→ Task objective
Each line below must be set down exactly; omit any image you find.

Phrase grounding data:

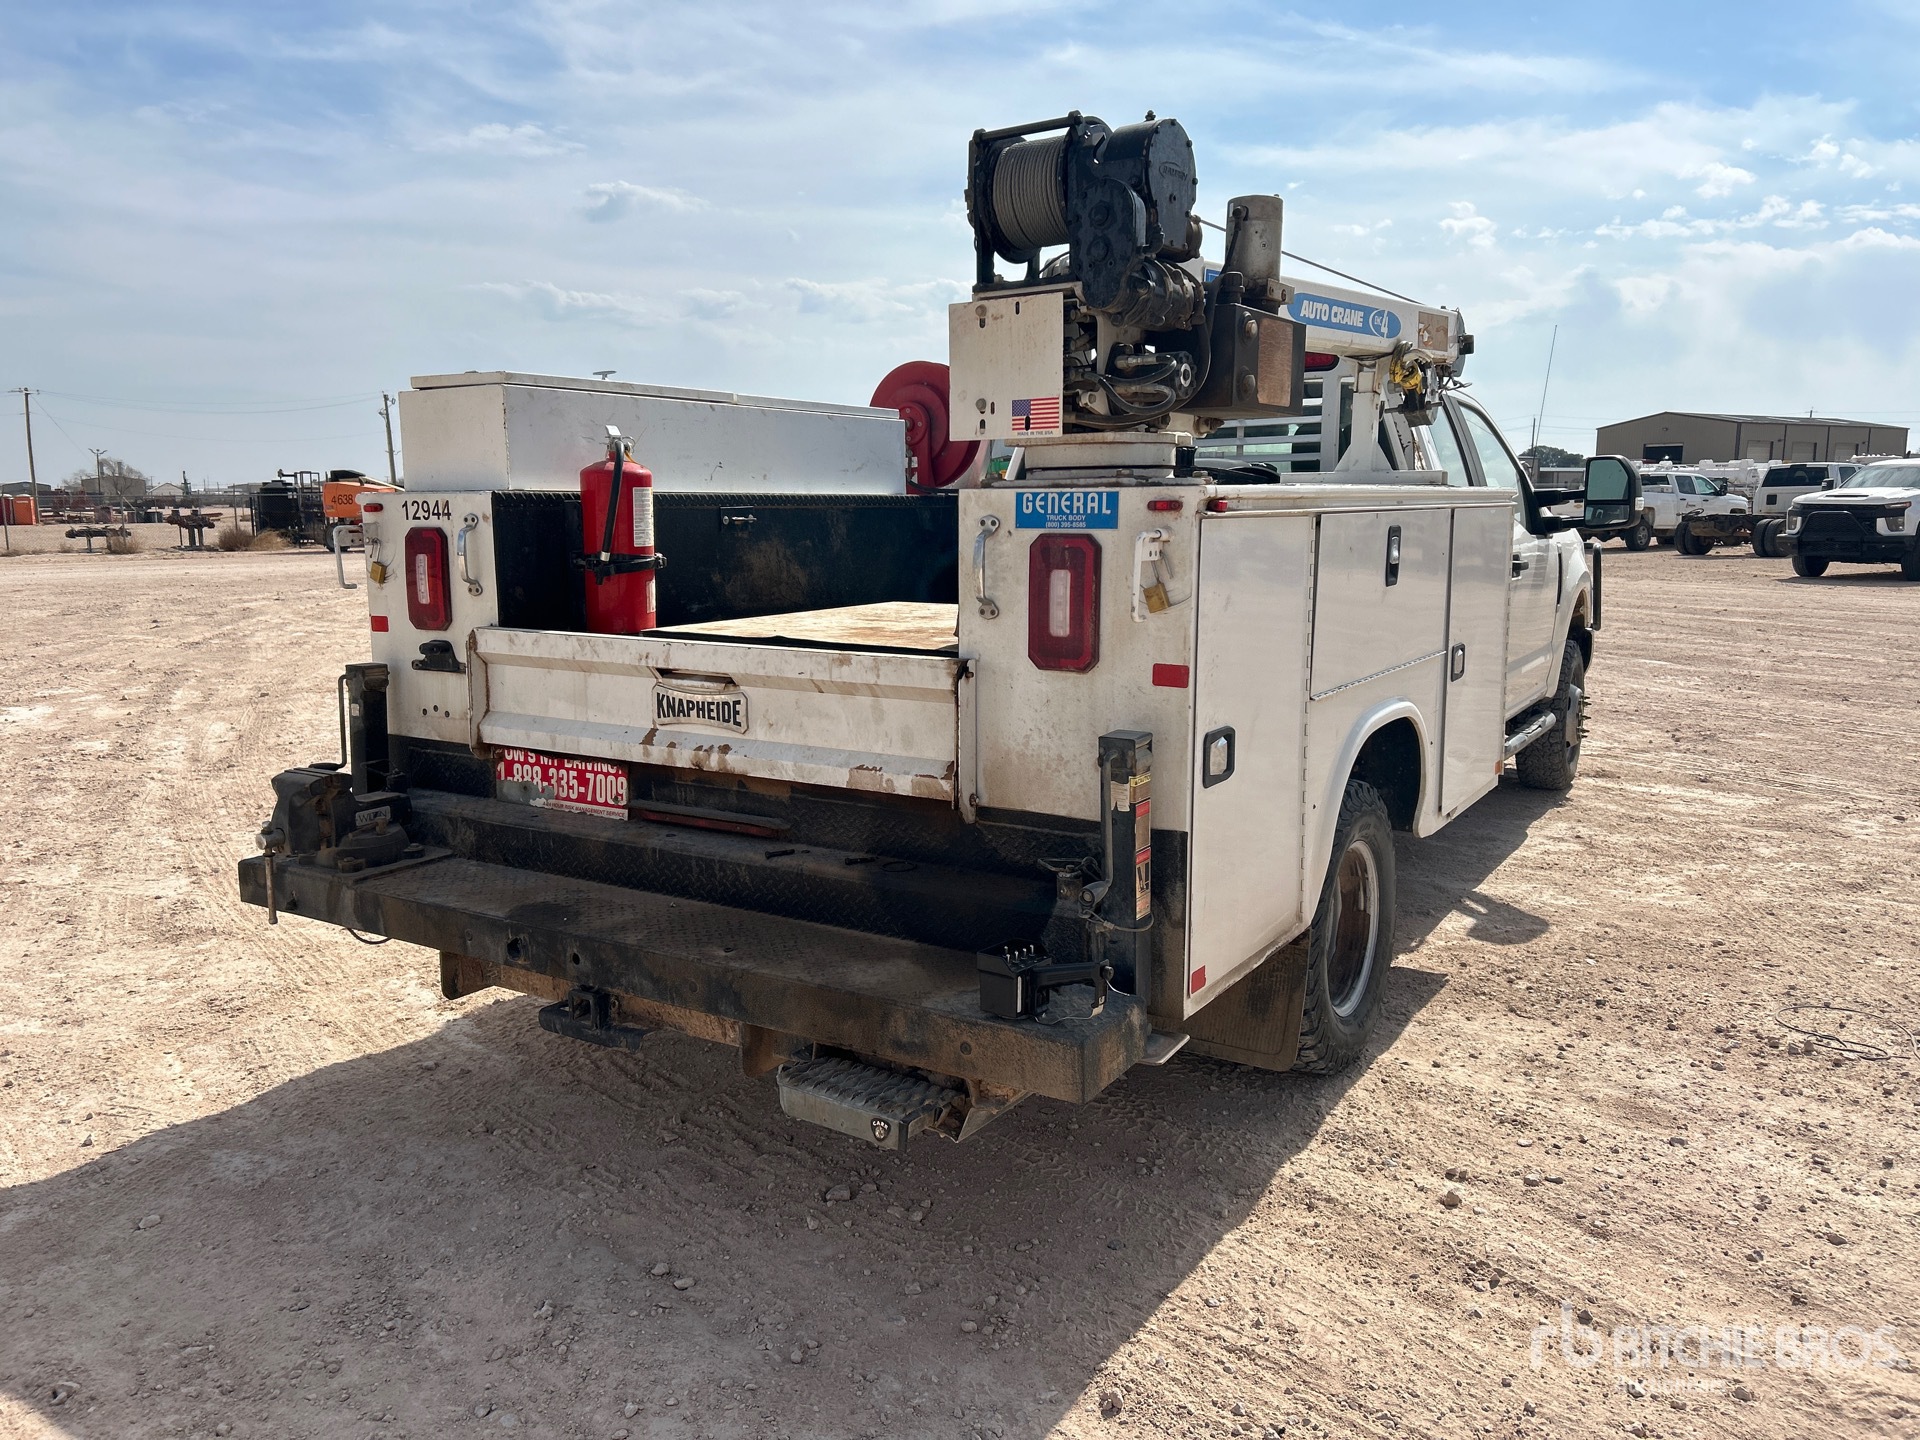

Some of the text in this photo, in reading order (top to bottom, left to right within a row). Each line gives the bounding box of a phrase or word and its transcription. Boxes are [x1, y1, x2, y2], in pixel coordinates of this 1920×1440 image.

[1300, 300, 1365, 328] AUTO CRANE
[402, 500, 452, 520] 12944
[1023, 492, 1112, 515] GENERAL
[1045, 521, 1060, 529] (800)
[656, 692, 742, 727] KNAPHEIDE
[497, 761, 628, 806] 1-888-335-7009
[575, 806, 606, 815] MANAGEMENT
[606, 810, 626, 818] SERVICE

→ Result of this task
Some of the text in this photo, in reading order (top to bottom, left to right within a row). Each line gives the bounding box of a phrase or word and its transcription. Boxes are [x1, y1, x2, y2], in pixel coordinates of this 1920×1440 image.

[1300, 300, 1365, 328] AUTO CRANE
[402, 500, 452, 520] 12944
[1023, 492, 1112, 515] GENERAL
[1045, 521, 1060, 529] (800)
[656, 692, 742, 727] KNAPHEIDE
[497, 761, 628, 806] 1-888-335-7009
[575, 806, 606, 815] MANAGEMENT
[606, 810, 626, 818] SERVICE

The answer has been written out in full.